Write the records out again exactly, leaving no images in.

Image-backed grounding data
....................
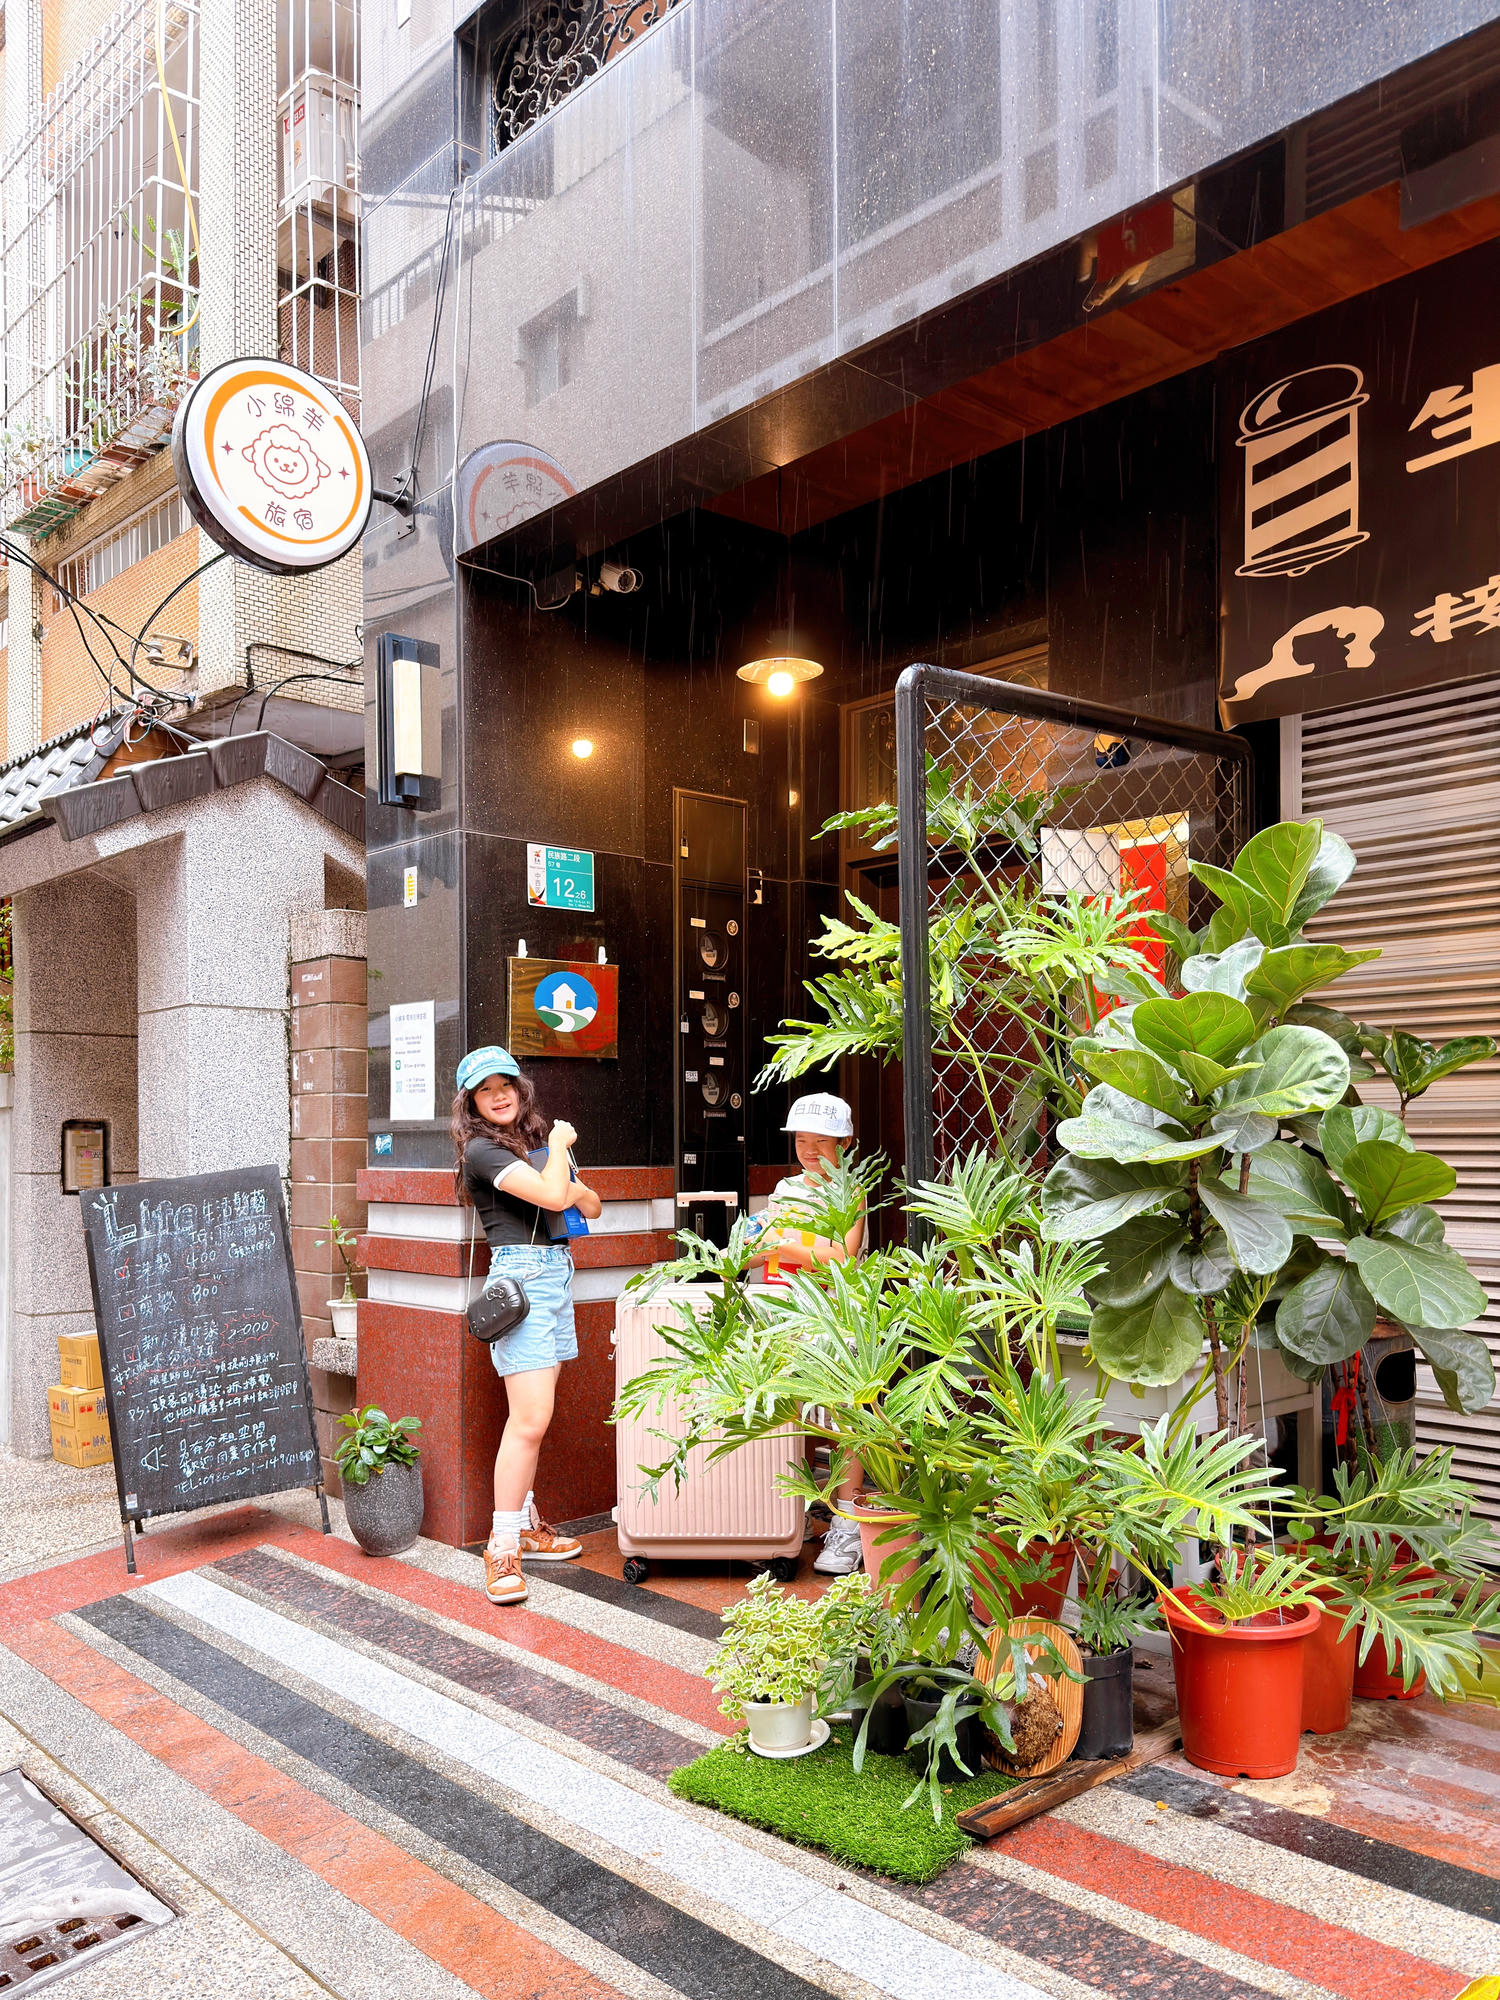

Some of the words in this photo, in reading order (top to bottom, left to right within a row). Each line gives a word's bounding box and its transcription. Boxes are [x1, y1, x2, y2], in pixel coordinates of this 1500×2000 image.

[264, 501, 314, 531] 旅宿
[794, 1101, 838, 1120] 白血球
[186, 1250, 217, 1269] 400
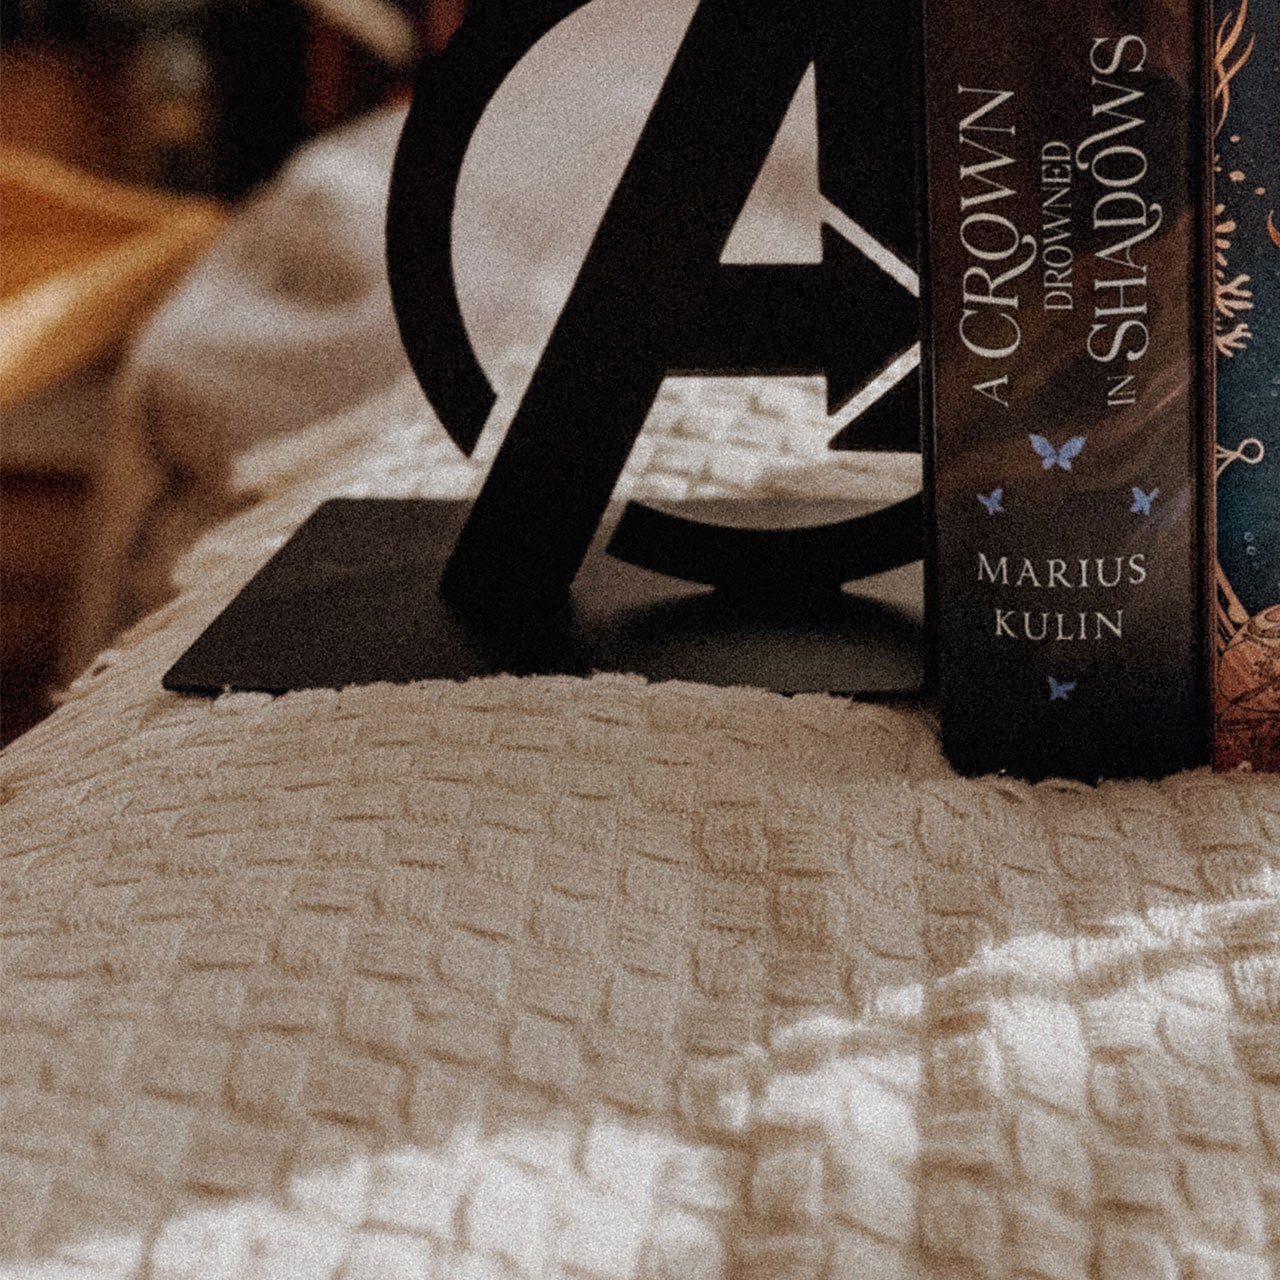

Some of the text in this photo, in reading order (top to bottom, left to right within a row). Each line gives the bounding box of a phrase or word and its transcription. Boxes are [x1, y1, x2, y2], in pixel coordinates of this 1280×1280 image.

[957, 83, 1037, 408] A CROWN
[1041, 141, 1074, 310] DROWNED
[1075, 34, 1163, 406] IN SHADOWS
[977, 551, 1147, 589] MARIUS
[995, 608, 1124, 641] KULIN
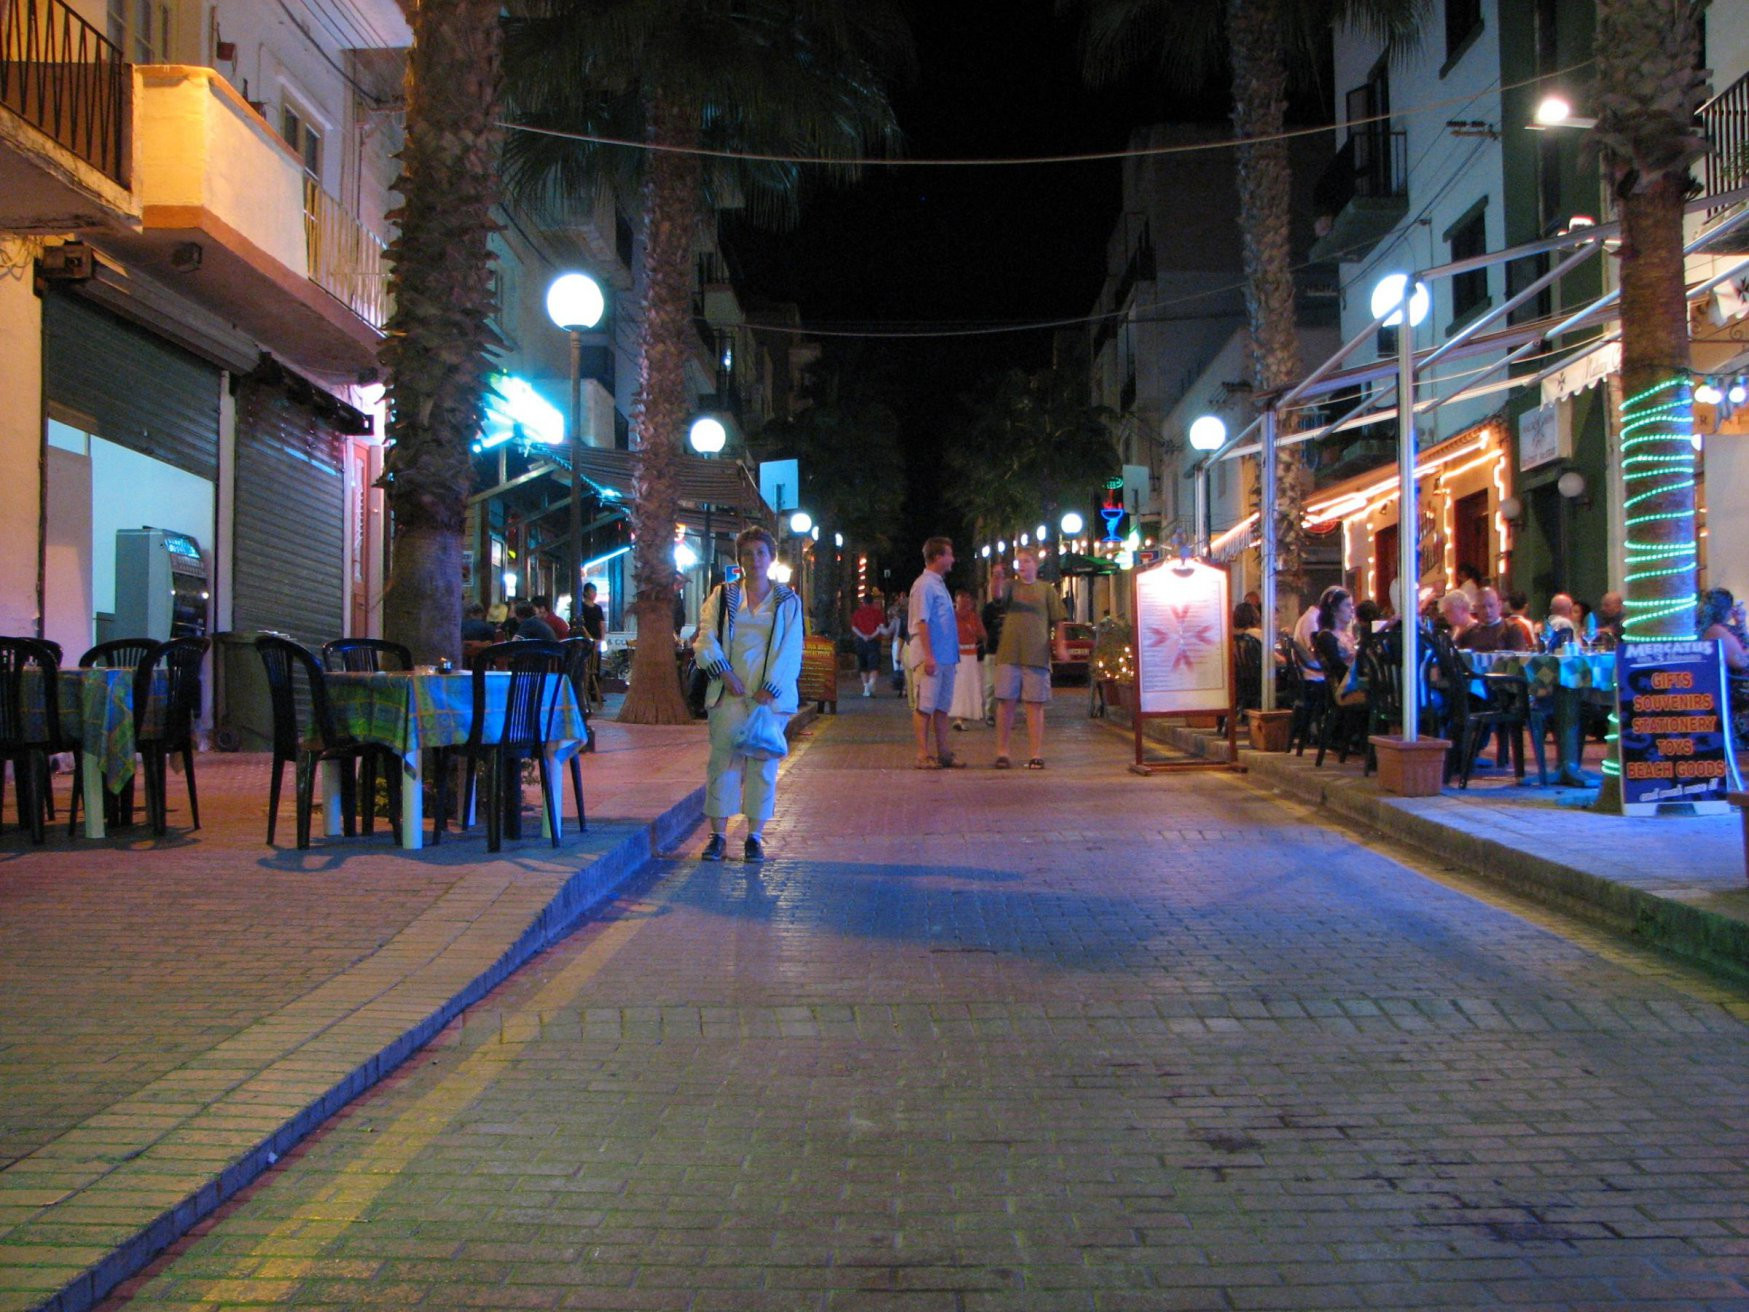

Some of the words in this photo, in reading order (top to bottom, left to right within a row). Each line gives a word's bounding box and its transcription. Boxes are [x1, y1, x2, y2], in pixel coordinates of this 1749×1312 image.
....................
Answer space:
Some of the words in this photo, in reading order (top to bottom, left to right within a row). Each line gives a word's bounding box and its transcription. Boxes are [x1, y1, x2, y2], in pixel coordinates of this 1500×2000 image.

[264, 501, 314, 531] 旅宿
[794, 1101, 838, 1120] 白血球
[186, 1250, 217, 1269] 400

Some of the text in this photo, in reading order (top to bottom, left to right within a row). Each line gives the bounding box of a phrase or word and its transcription. Boxes are [x1, y1, x2, y2], in pixel coordinates of this 1280×1280 image.

[957, 83, 1037, 408] A CROWN
[1041, 141, 1074, 310] DROWNED
[1075, 34, 1163, 406] IN SHADOWS
[977, 551, 1147, 589] MARIUS
[995, 608, 1124, 641] KULIN

Some of the words in this photo, in reading order (top to bottom, left to right within a row). Each line gives a word's bounding box and its transcription. Boxes are [x1, y1, x2, y2], in pixel coordinates of this 1749×1312 image.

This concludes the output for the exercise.